▶ [WORK INSTRUCTION]: Except for the pictures, output the records in full and exactly.

▶ [ENTRIES SHOWN]:
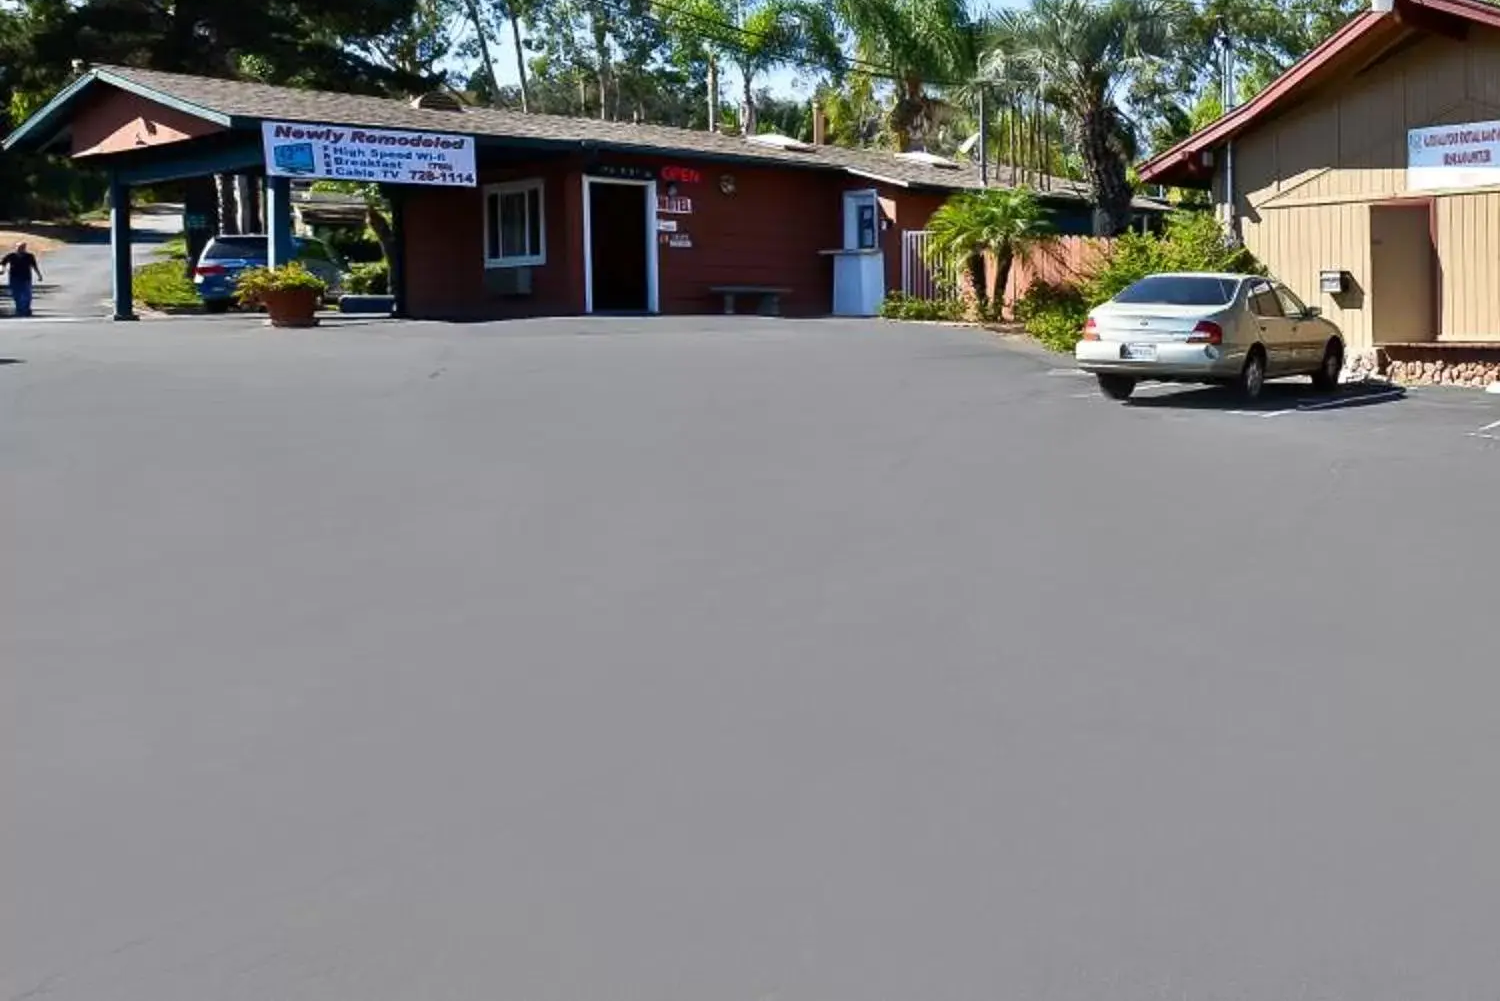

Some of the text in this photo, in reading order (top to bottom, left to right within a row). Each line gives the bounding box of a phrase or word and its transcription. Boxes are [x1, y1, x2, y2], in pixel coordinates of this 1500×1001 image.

[274, 125, 465, 150] Newly Remodeled
[334, 147, 366, 159] High
[370, 148, 413, 161] Speed
[334, 157, 403, 170] Breakfast
[335, 166, 400, 180] Cable TV
[408, 169, 475, 184] 728-1114

▶ [YOUR SOLUTION]:
Some of the text in this photo, in reading order (top to bottom, left to right within a row). Each line gives the bounding box of a phrase or word and its transcription. Boxes are [x1, y1, x2, y2], in pixel coordinates of this 1500×1001 image.

[274, 125, 465, 150] Newly Remodeled
[334, 147, 366, 159] High
[370, 148, 413, 161] Speed
[334, 157, 403, 170] Breakfast
[335, 166, 400, 180] Cable TV
[408, 169, 475, 184] 728-1114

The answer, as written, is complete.